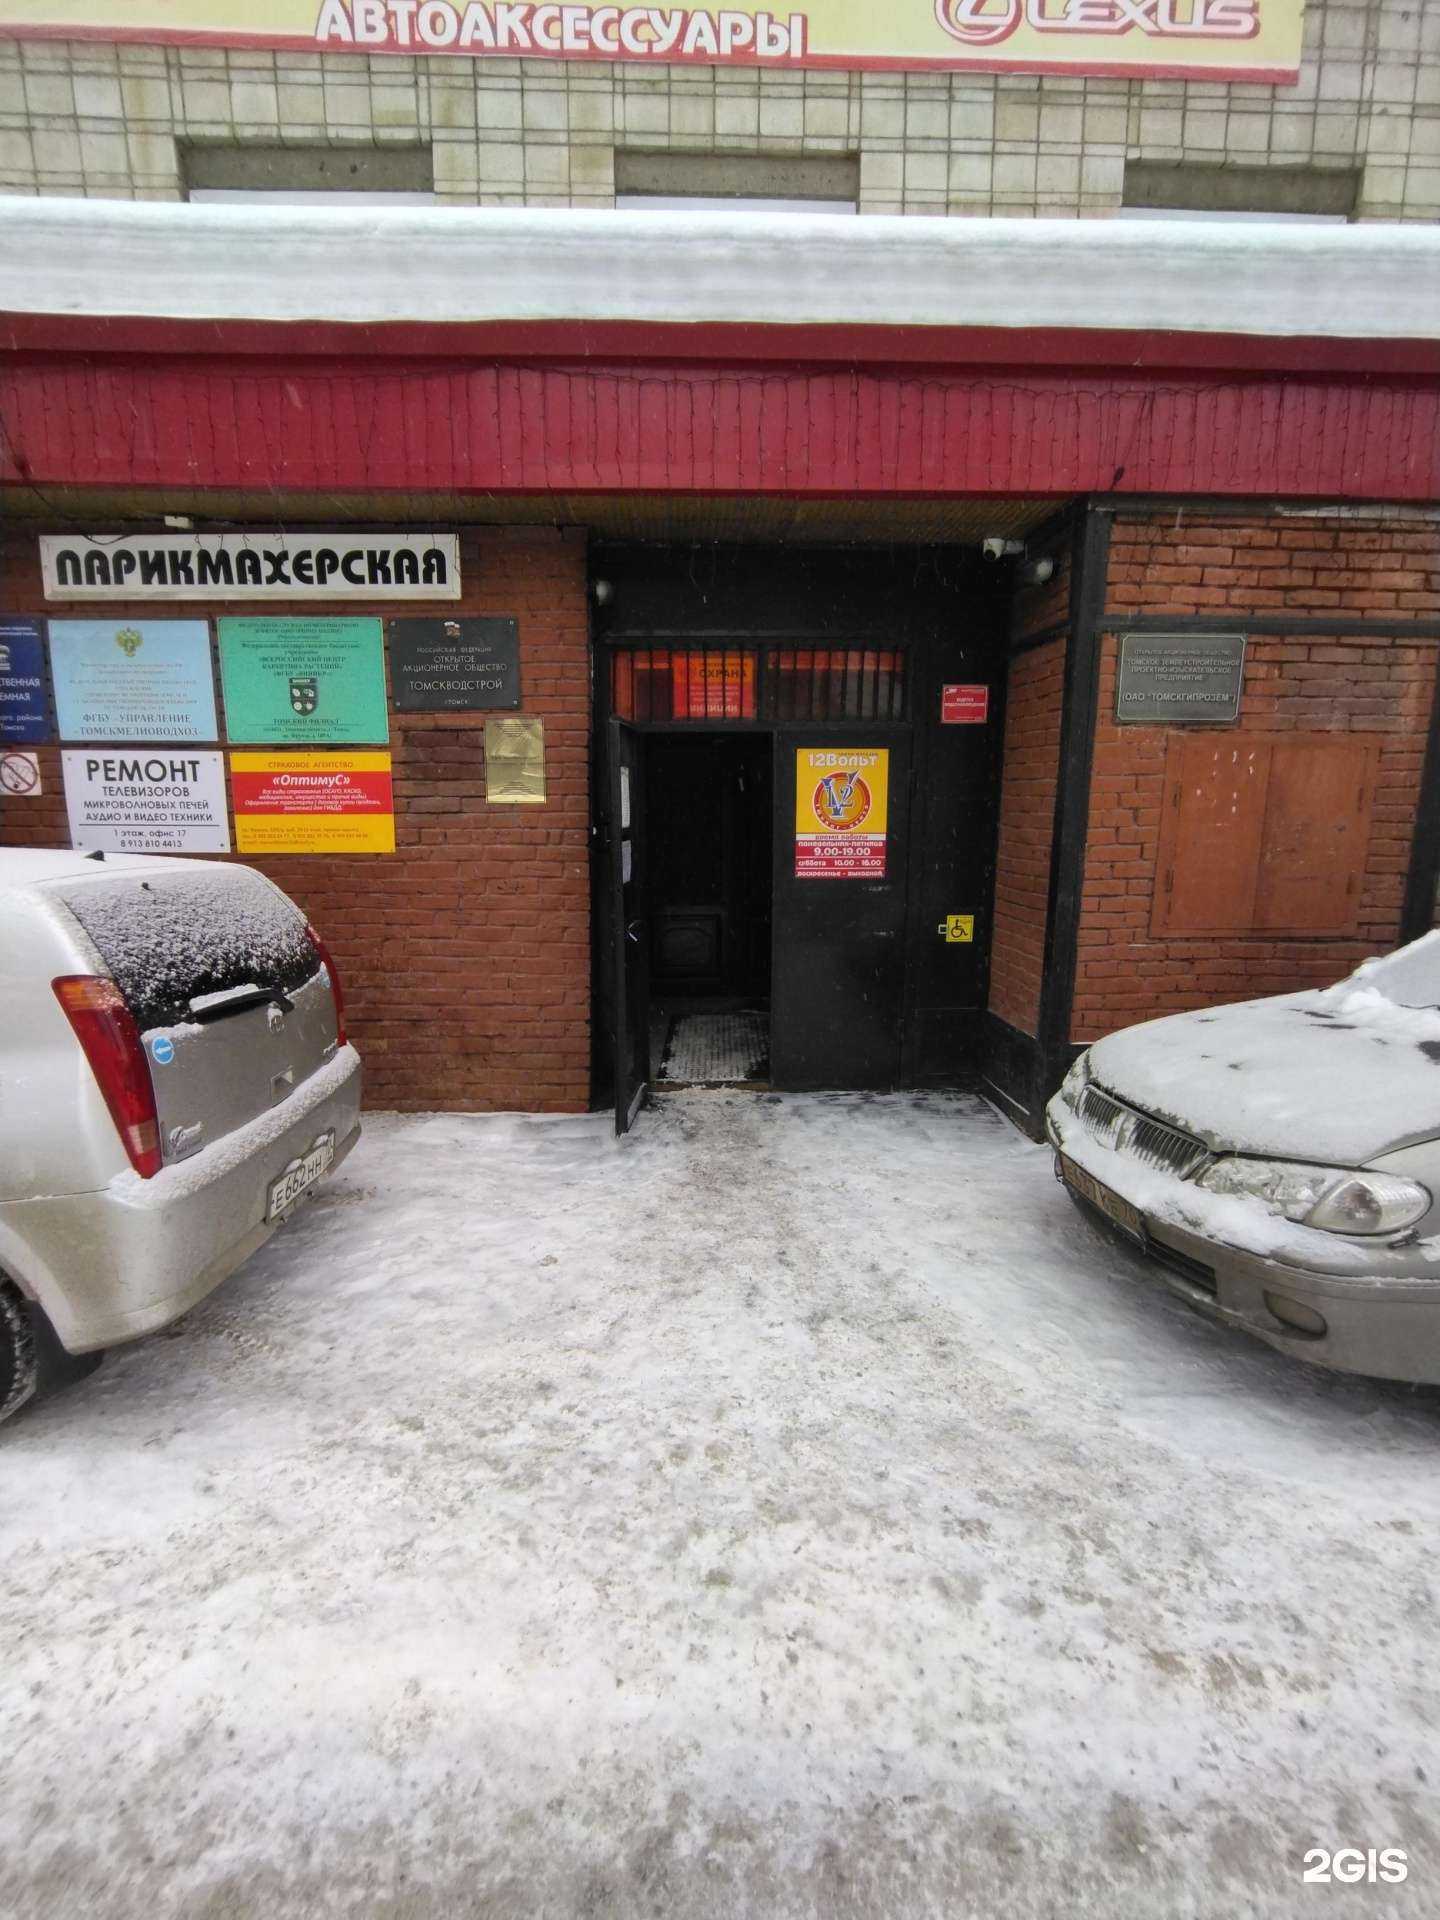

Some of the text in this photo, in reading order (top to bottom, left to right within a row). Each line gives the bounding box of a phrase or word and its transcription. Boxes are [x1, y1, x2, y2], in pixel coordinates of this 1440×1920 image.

[1026, 0, 1259, 38] LEXUS
[315, 0, 807, 57] АВТОАКСЕССУАРЫ
[56, 549, 448, 585] ПАРИКМАХЕРСКАЯ
[433, 655, 476, 663] ОТКРЫТОЕ
[402, 663, 507, 672] АКЦИОНЕРНОЕ ОБЩЕСТВО
[410, 679, 503, 691] ТОМСКВОДСТРОЙ
[808, 752, 878, 767] 12Вольт
[86, 759, 200, 782] РЕМОНТ
[272, 774, 351, 787] «ОптимуС»
[102, 786, 190, 797] ТЕЛЕВИЗОРОВ
[84, 799, 209, 809] МИКРОВОЛНОВЫХ ПЕЧЕЙ
[86, 813, 212, 822] АУДИО И ВИДЕО ТЕХНИКИ
[149, 830, 175, 839] офис
[177, 829, 187, 837] 17
[162, 840, 183, 848] 4413
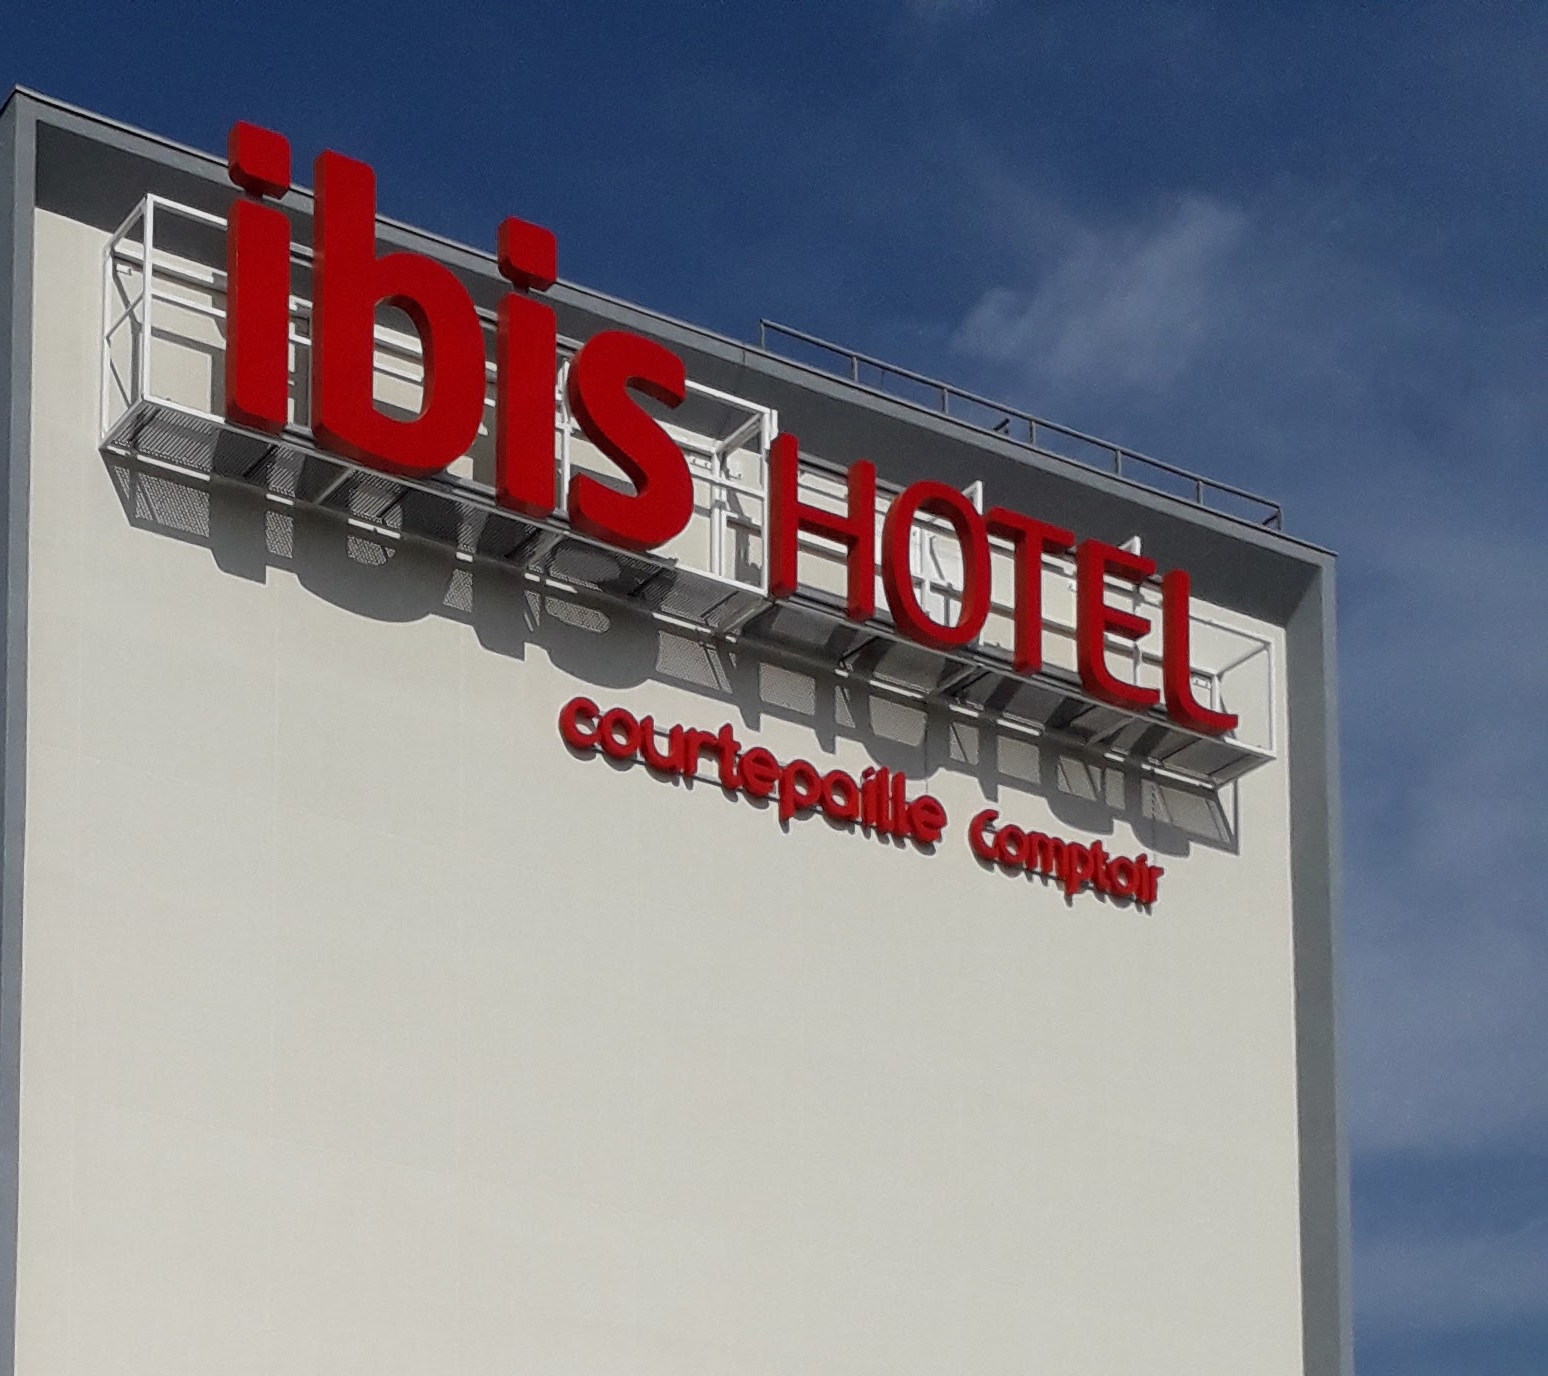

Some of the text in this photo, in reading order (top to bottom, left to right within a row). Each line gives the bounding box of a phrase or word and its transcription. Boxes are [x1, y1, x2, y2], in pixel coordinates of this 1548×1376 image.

[226, 121, 1238, 731] ibis HOTEL
[558, 697, 1164, 905] courtepaille Comptoir

•••

• _Your assignment_
Reply with the lines from the one that contains "this 1548×1376 image." through the last line of the material above, copied exactly and nothing else.

• _Result of the exercise_
Some of the text in this photo, in reading order (top to bottom, left to right within a row). Each line gives the bounding box of a phrase or word and its transcription. Boxes are [x1, y1, x2, y2], in pixel coordinates of this 1548×1376 image.

[226, 121, 1238, 731] ibis HOTEL
[558, 697, 1164, 905] courtepaille Comptoir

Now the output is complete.